**WHAT THIS TASK INVOLVES:**
For each record below, output its text exactly and skip any picture.

**SUPPLIED DATA:**
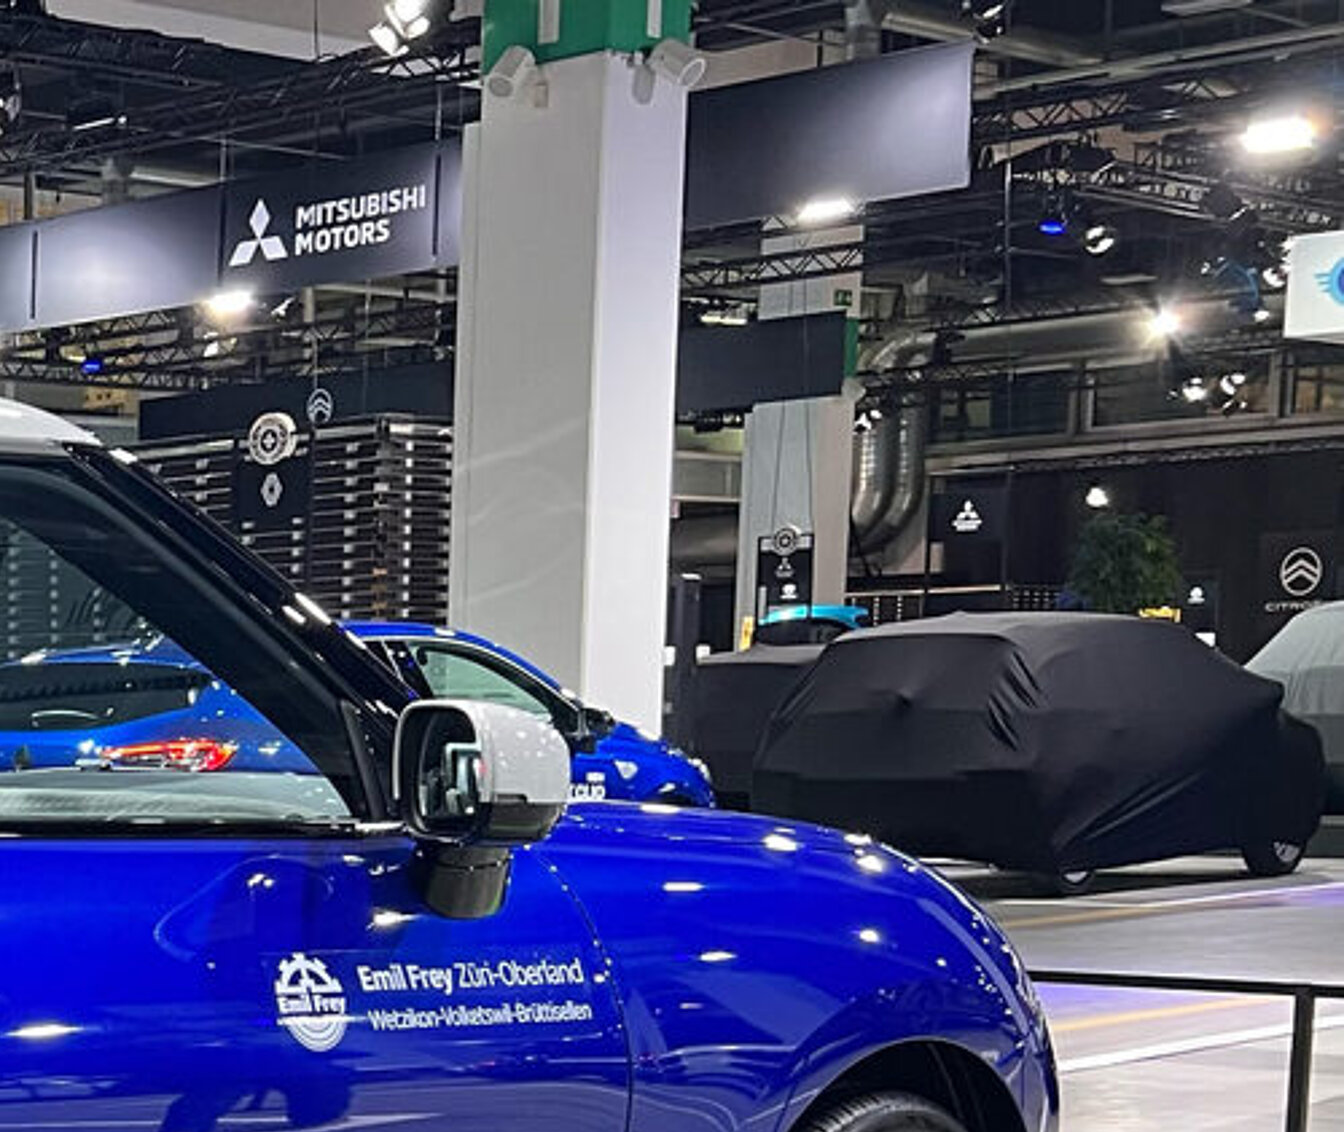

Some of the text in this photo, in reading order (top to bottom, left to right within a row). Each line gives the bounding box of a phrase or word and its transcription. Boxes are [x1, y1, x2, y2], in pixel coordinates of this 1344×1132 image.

[295, 184, 426, 230] MITSUBISHI
[294, 219, 391, 256] MOTORS
[357, 957, 585, 996] Emil Frey Züri-Oberland
[277, 994, 346, 1015] Emil Frey
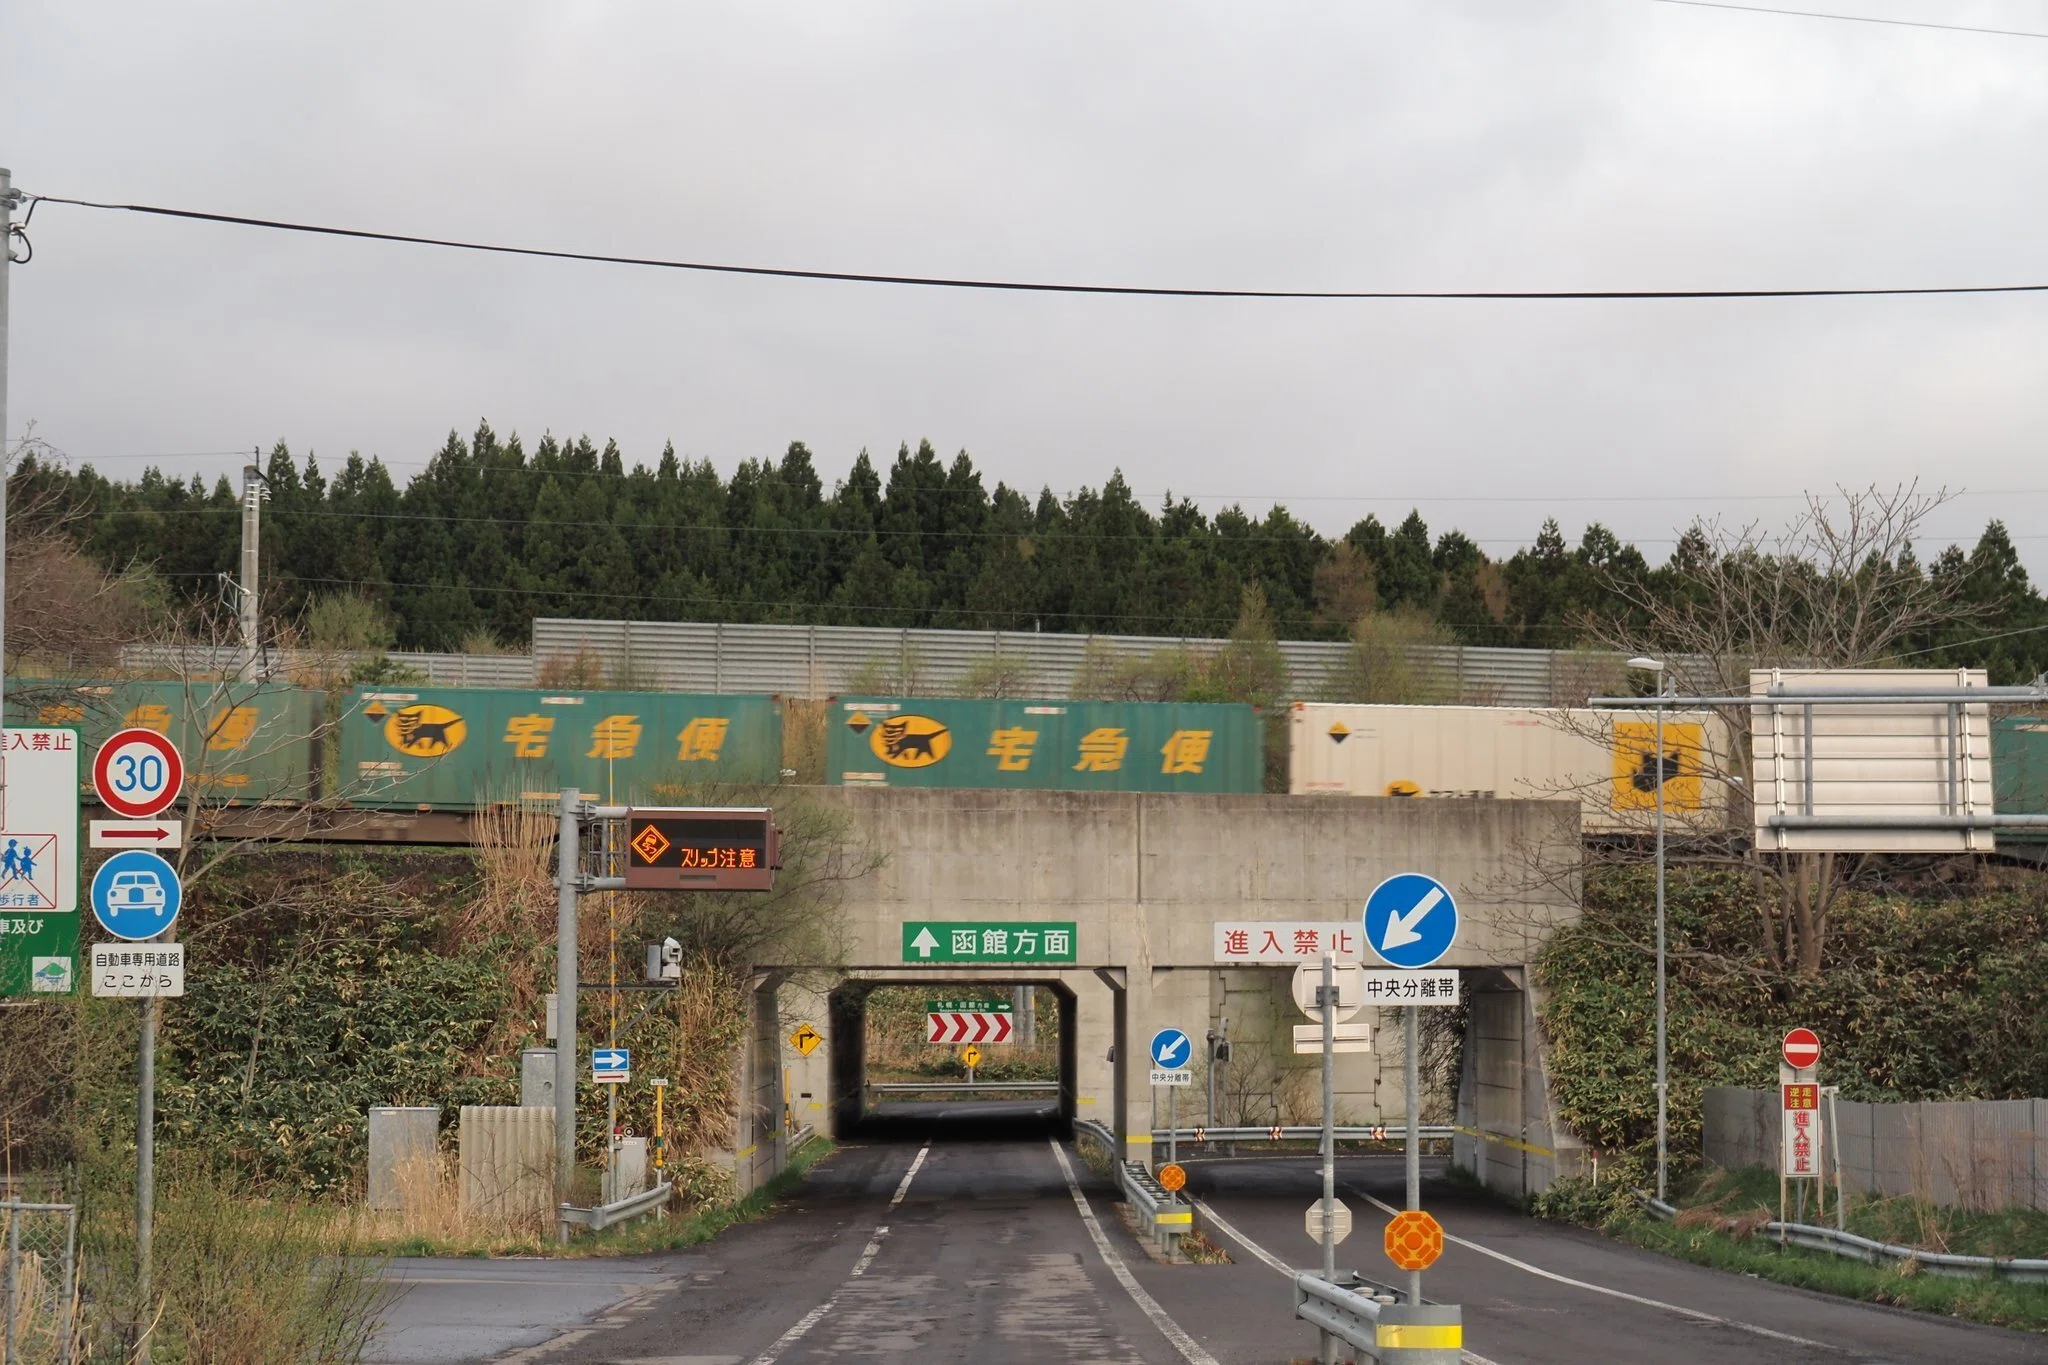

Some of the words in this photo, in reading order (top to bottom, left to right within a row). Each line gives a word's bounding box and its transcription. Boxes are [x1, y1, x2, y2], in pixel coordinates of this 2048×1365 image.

[503, 713, 730, 761] 宅急便
[986, 726, 1213, 774] 宅急便
[115, 755, 162, 792] 30
[951, 929, 1069, 955] 函館方面
[1224, 929, 1353, 955] 進入禁止
[96, 952, 180, 967] 自動車専用道路
[104, 974, 172, 988] ここから
[1367, 978, 1454, 998] 中央分離帯
[1790, 1098, 1812, 1108] 注意
[1793, 1111, 1810, 1173] 進入禁止

**OUTPUT FOR THIS TASK:**
Some of the text in this photo, in reading order (top to bottom, left to right within a row). Each line gives the bounding box of a phrase or word and its transcription. Boxes are [x1, y1, x2, y2], in pixel coordinates of this 1344×1132 image.

[295, 184, 426, 230] MITSUBISHI
[294, 219, 391, 256] MOTORS
[357, 957, 585, 996] Emil Frey Züri-Oberland
[277, 994, 346, 1015] Emil Frey

Some of the words in this photo, in reading order (top to bottom, left to right within a row). Each line gives a word's bounding box and its transcription. Boxes are [x1, y1, x2, y2], in pixel coordinates of this 2048×1365 image.

[503, 713, 730, 761] 宅急便
[986, 726, 1213, 774] 宅急便
[115, 755, 162, 792] 30
[951, 929, 1069, 955] 函館方面
[1224, 929, 1353, 955] 進入禁止
[96, 952, 180, 967] 自動車専用道路
[104, 974, 172, 988] ここから
[1367, 978, 1454, 998] 中央分離帯
[1790, 1098, 1812, 1108] 注意
[1793, 1111, 1810, 1173] 進入禁止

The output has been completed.